AĞUSTOS 2018
Manastır'da yaptığımız geziden sonra aracımızla yaklaşık bir saatlik mesafedeki Ohrid'e varıyoruz. İnternetten yaptığım rezervasyon ile, biraz zor da olsa, kalacağımız daireye varıyoruz. Daire demişken, bu Balkan seyahatimizde genellikle (airbnb.com) dan müstakil daire kiralayarak oralarda kaldık ve genelde de çok memnun olduk. Ama en zor konu kiralanan evin adresini bulmak oldu doğrusu.

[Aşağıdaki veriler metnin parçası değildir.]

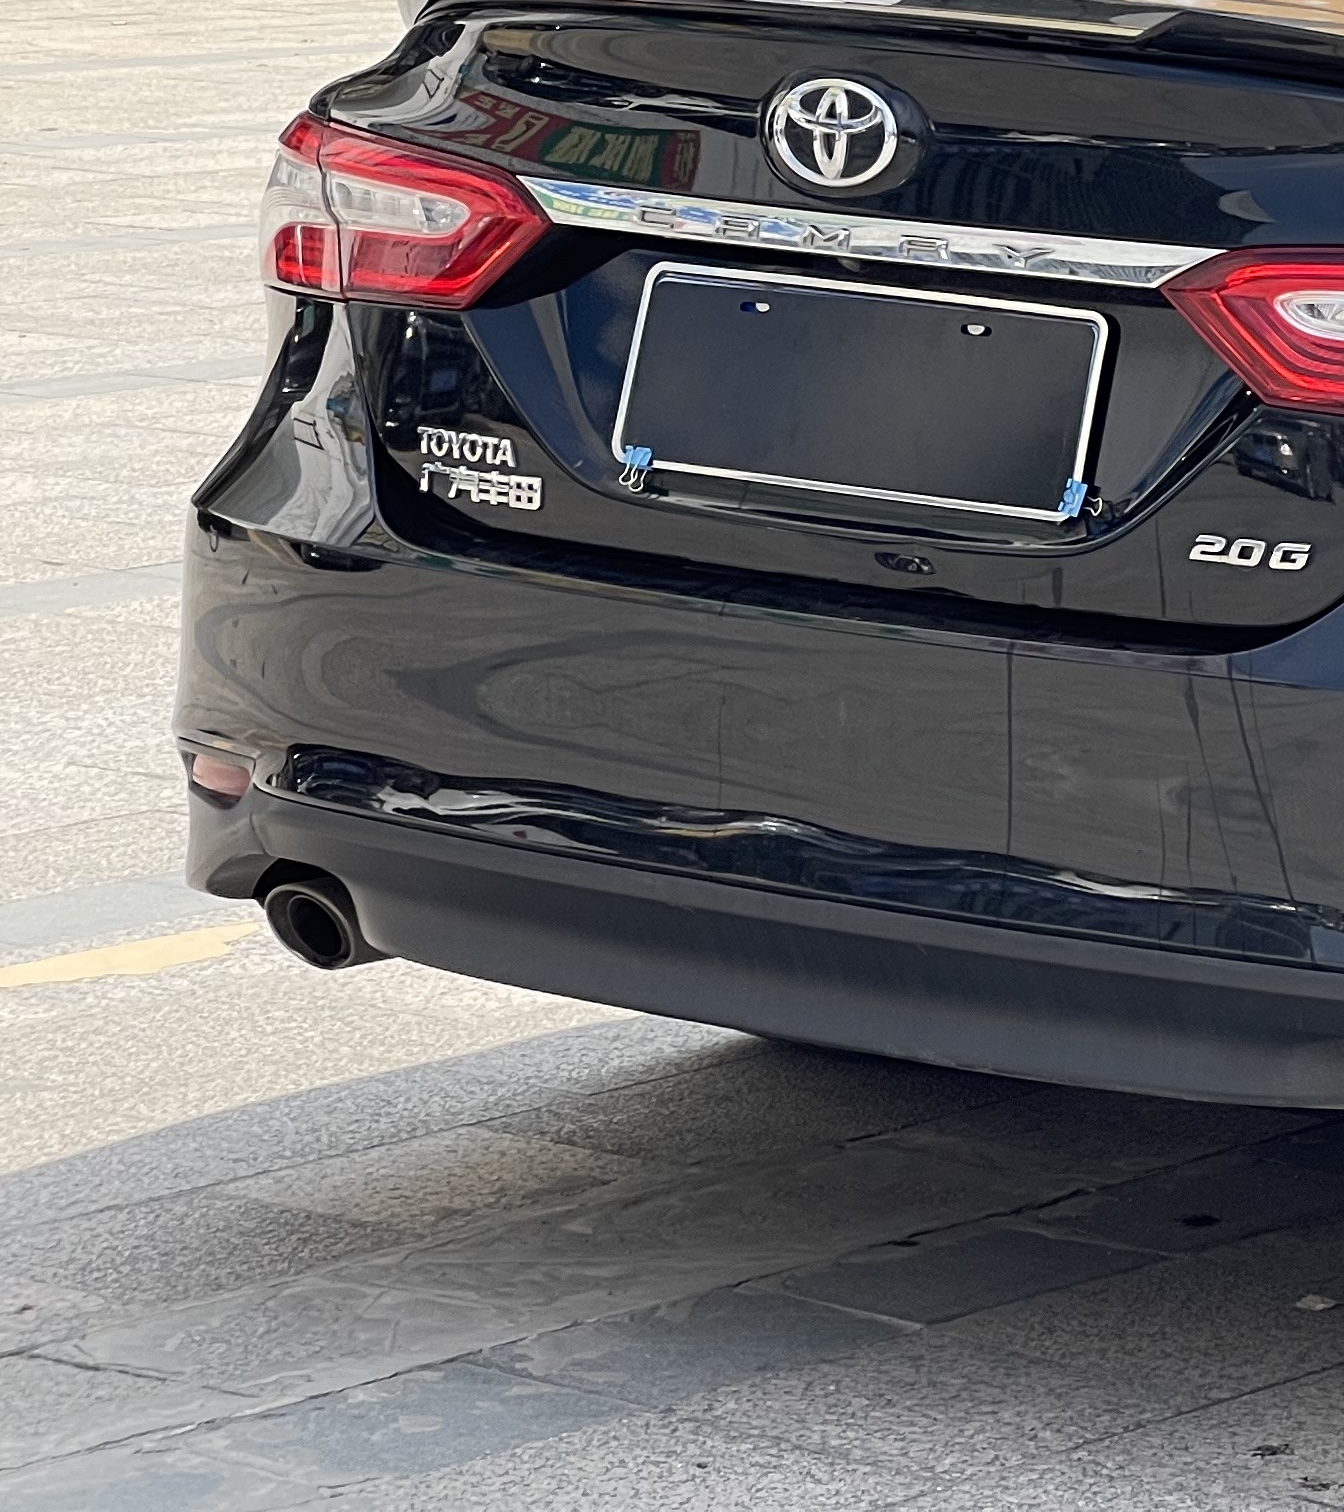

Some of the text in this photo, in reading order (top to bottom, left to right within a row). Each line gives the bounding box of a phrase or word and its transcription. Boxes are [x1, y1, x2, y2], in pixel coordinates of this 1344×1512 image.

[634, 202, 1055, 269] CAMRY
[417, 425, 517, 468] TOYOTA
[418, 461, 543, 511] 广汽丰田

Kaldığımız daire oldukça rahat ve Ohrid Gölü manzaralı. Burası ile ilgili planımız 2 gece kalmak üzerineydi ve öyle yaptık. İlk gecemizde yakın bir restoranda zorla bir masa bulduktan sonra, yemeğimizi yiyip istirahate çekildik. Ama şunu söylemeliyim, bu dönemde bu bölge genel olarak çok kalabalık ve fiyatları da yüksek. Bunu sadece Makedonya için değil, aynı zamanda Yunanistan, Kosova ve Arnavutluk için de söylüyorum.
Daha önce Ohri'de bulunmuştuk ve bu nedenle burada gezemediğimiz yerleri gezmekti hedefimiz. Bunun için kaldığımız yer istikametinde olan, Su Müzesi'ni gezmeyle başlıyoruz güne. Burası M.Ö. 1200 - 600 yılları arasında tarafından kurulmuş bir ahşap ada ve üzerinde kerpiçten yapılmış ve çatıları sazlarla kaplanmış evlerden oluşuyor. Tabii ki bu yapının o dönemden kalması mümkün değil, dolayısıyla arkeolojik çalışmalardaki buluntuların incelenmesiyle böyle bir yapı oluşturulmuş.
2,4 - 5 m. derinliğindeki berrak Ohrid gölünde yüzen balıkları da gözlemleyebiliyorsunuz burada. Ayrıca bu eski yerleşimin yakınında da Roma döneminden (kısmen) kalmış, resterasyon ile oluşturulmuş küçük bir kale de bulunuyor.
Buradan Naum yerleşimine doğru devam ediyoruz. Burası Sveti Naum Manastırı ve güzel plajıyla tanınmış bir yer. Temiz bir yer ve gelen misafirler için güzel bir otoparkı bulunuyor. Manastıra doğru ilerlerken plajdaki insan yoğunluğu ilgimizi çekiyor. İnsanlar neredeyse üst üste, gerçi buraya gelirken yol üzerinde çok sayıda plaj da bulunuyordu ama hiçbirisi bu kadar kalabalık değildi. Sebebini daha sonra anladık ki meğerse burası Ohri gölünü besleyen kaynaklardan birinin göle ulaştığı noktaymış. Bu noktada su o kadar temiz ki adeta pırıl pırıl. Ama buradan suya girmek de biraz cesaret işi, çünkü oldukça soğuk bir su.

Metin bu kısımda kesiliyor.